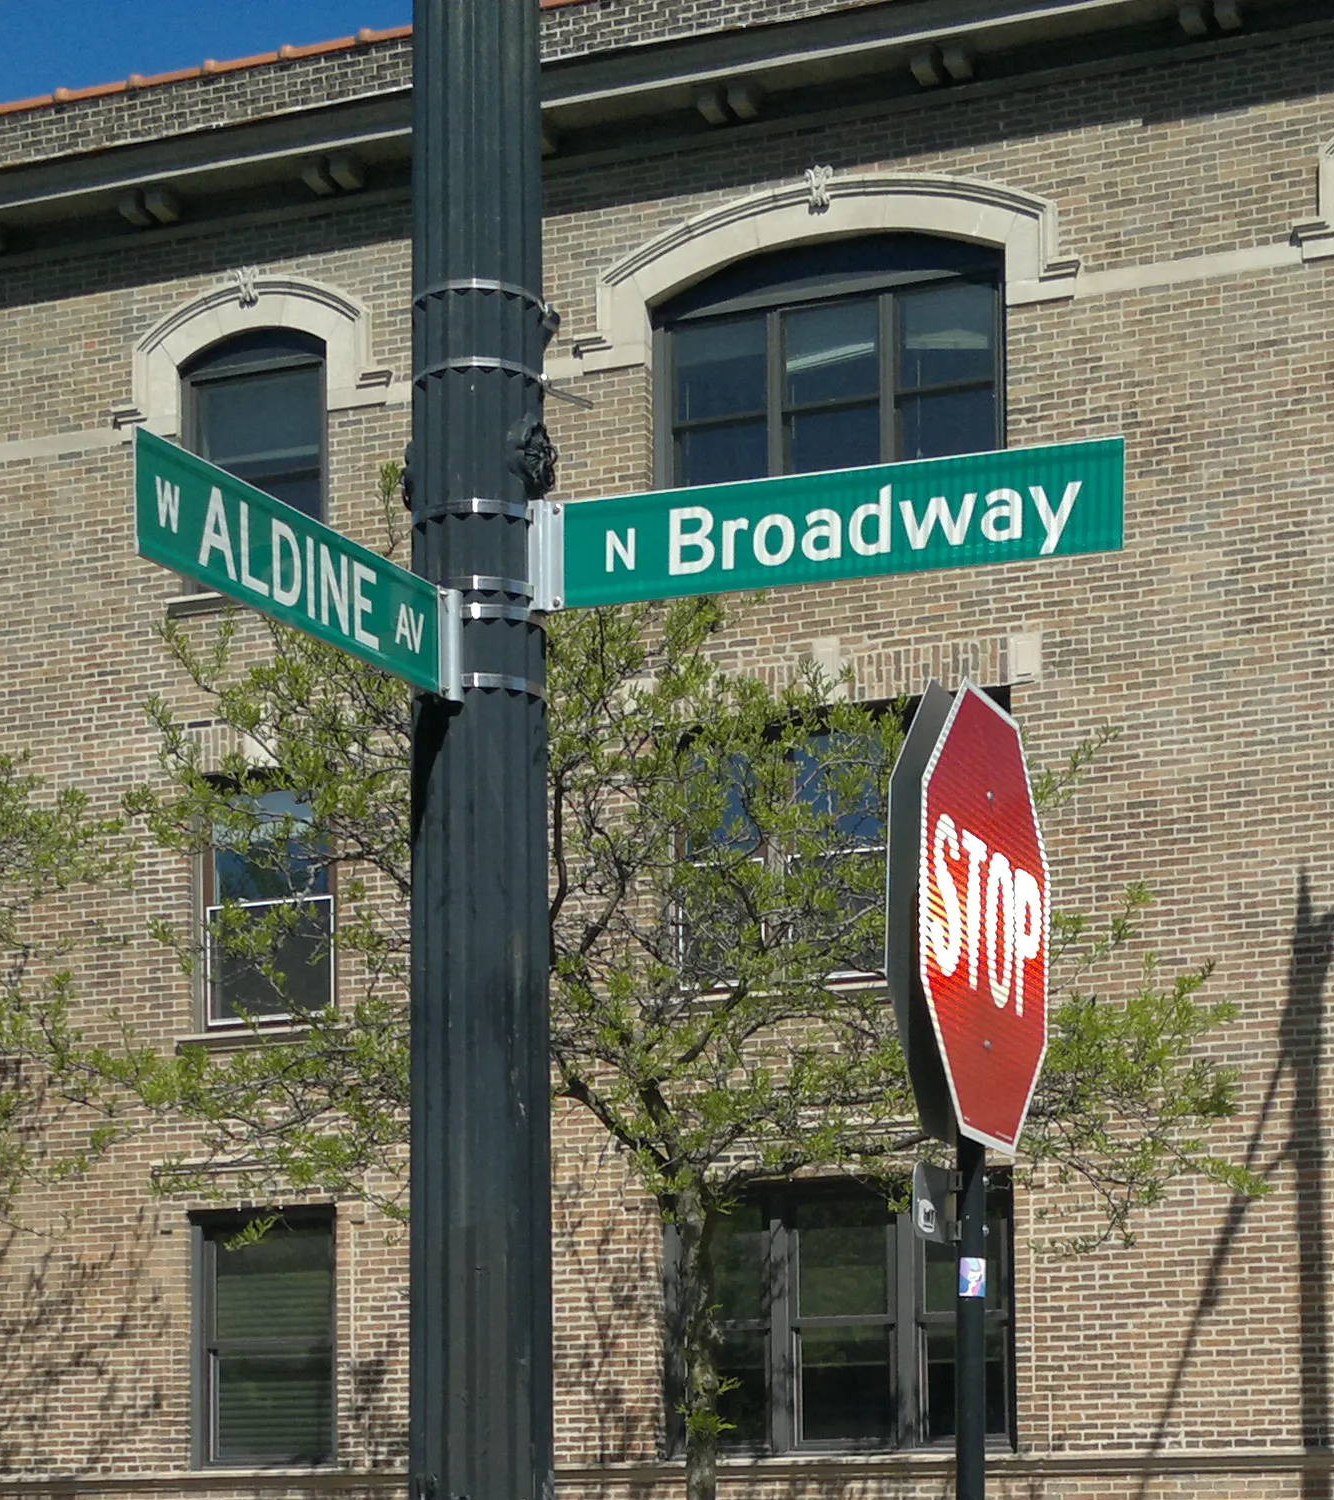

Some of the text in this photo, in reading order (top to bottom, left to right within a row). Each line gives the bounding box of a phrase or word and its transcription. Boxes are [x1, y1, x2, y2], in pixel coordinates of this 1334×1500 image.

[155, 475, 424, 654] W ALDINE AV
[605, 481, 1082, 576] N Broadway
[928, 813, 1041, 1018] STOP
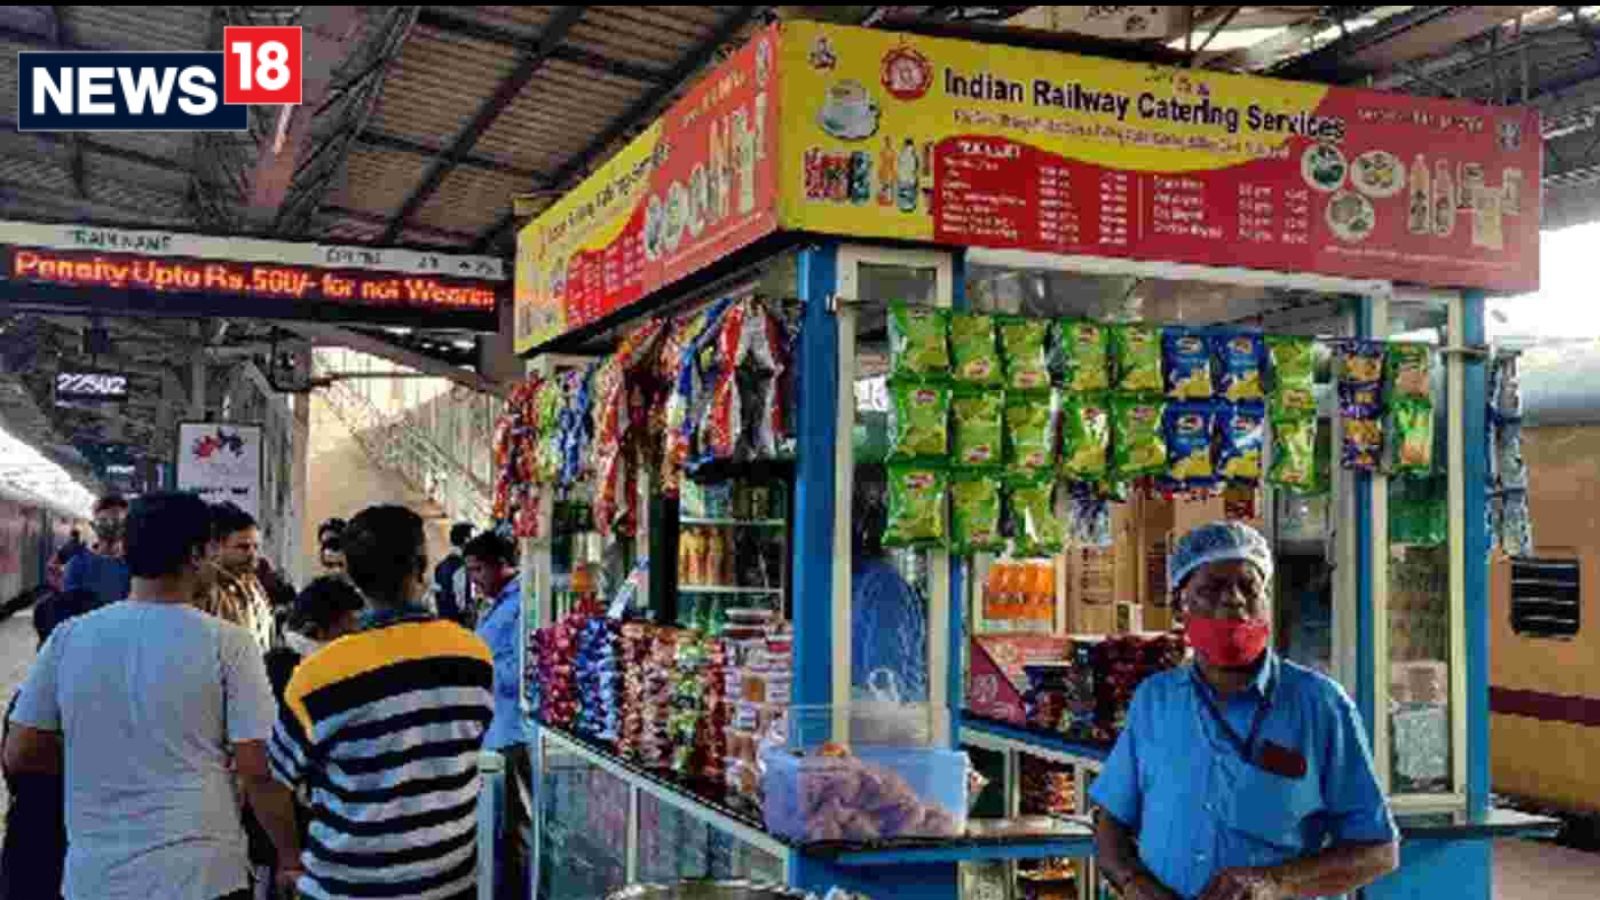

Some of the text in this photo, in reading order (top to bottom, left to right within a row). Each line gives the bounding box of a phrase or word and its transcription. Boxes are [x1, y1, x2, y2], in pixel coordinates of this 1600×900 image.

[944, 67, 1024, 103] Indian
[1032, 79, 1130, 121] Railway
[1137, 92, 1239, 133] Catering
[1246, 103, 1346, 140] Services
[131, 260, 200, 290] Upto
[321, 272, 355, 298] for
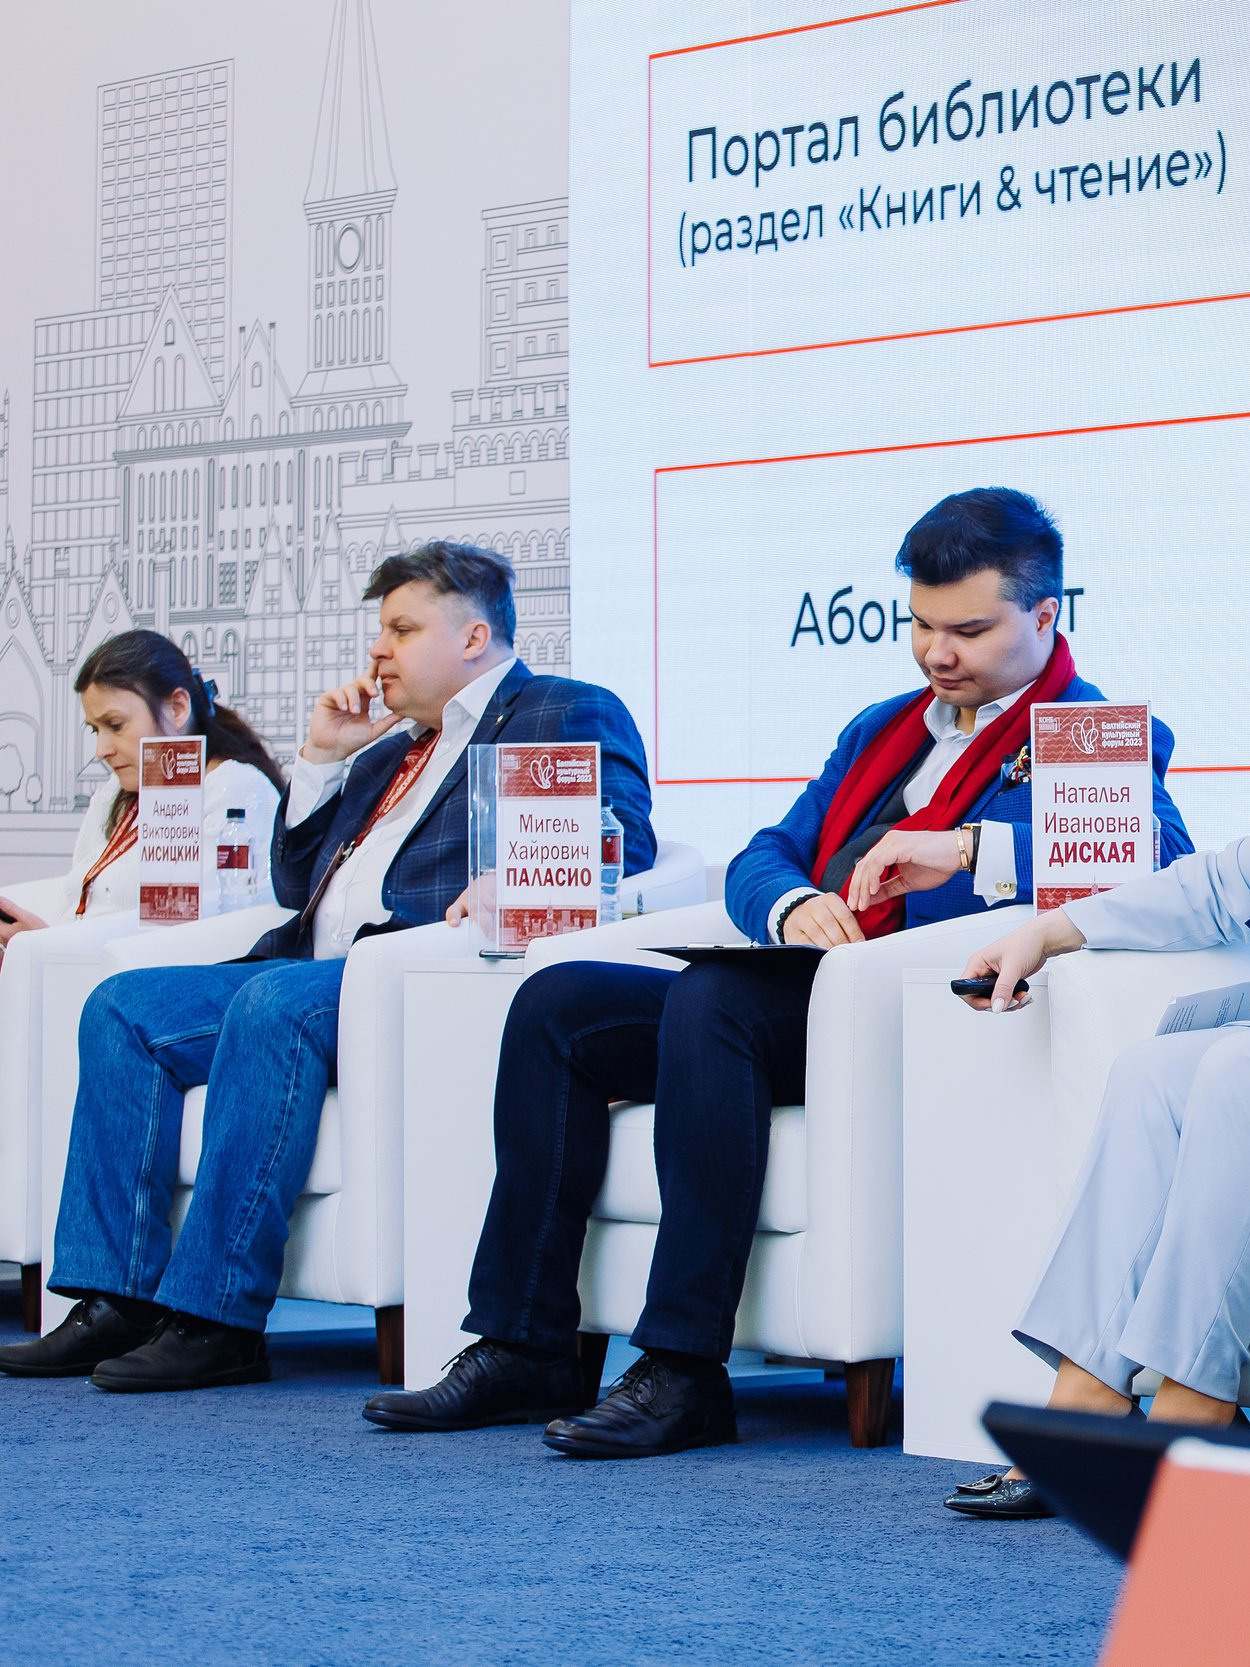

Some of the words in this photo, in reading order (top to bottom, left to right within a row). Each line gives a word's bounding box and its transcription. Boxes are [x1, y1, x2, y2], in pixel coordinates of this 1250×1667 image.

[688, 114, 860, 188] Портал
[879, 57, 1202, 152] библиотеки
[679, 203, 824, 268] (раздел
[838, 179, 982, 231] «Книги
[996, 165, 1022, 212] &
[1033, 129, 1228, 207] чтение»)
[1053, 782, 1131, 804] Наталья
[152, 799, 190, 821] Андрей
[142, 823, 200, 845] Викторович
[519, 813, 580, 834] Мигель
[1044, 811, 1141, 835] Ивановна
[140, 840, 200, 864] ЛИСИЦКИЙ
[507, 839, 590, 865] Хайрович
[1048, 841, 1136, 868] ДИСКАЯ
[505, 867, 593, 888] ПАЛАСИО

--

### [Problem description]
Lines before the one containing "Some of the words" are not wanted; please set down that line and every line after it through the end of the material, exactly.

### [Result of the task]
Some of the words in this photo, in reading order (top to bottom, left to right within a row). Each line gives a word's bounding box and its transcription. Boxes are [x1, y1, x2, y2], in pixel coordinates of this 1250×1667 image.

[688, 114, 860, 188] Портал
[879, 57, 1202, 152] библиотеки
[679, 203, 824, 268] (раздел
[838, 179, 982, 231] «Книги
[996, 165, 1022, 212] &
[1033, 129, 1228, 207] чтение»)
[1053, 782, 1131, 804] Наталья
[152, 799, 190, 821] Андрей
[142, 823, 200, 845] Викторович
[519, 813, 580, 834] Мигель
[1044, 811, 1141, 835] Ивановна
[140, 840, 200, 864] ЛИСИЦКИЙ
[507, 839, 590, 865] Хайрович
[1048, 841, 1136, 868] ДИСКАЯ
[505, 867, 593, 888] ПАЛАСИО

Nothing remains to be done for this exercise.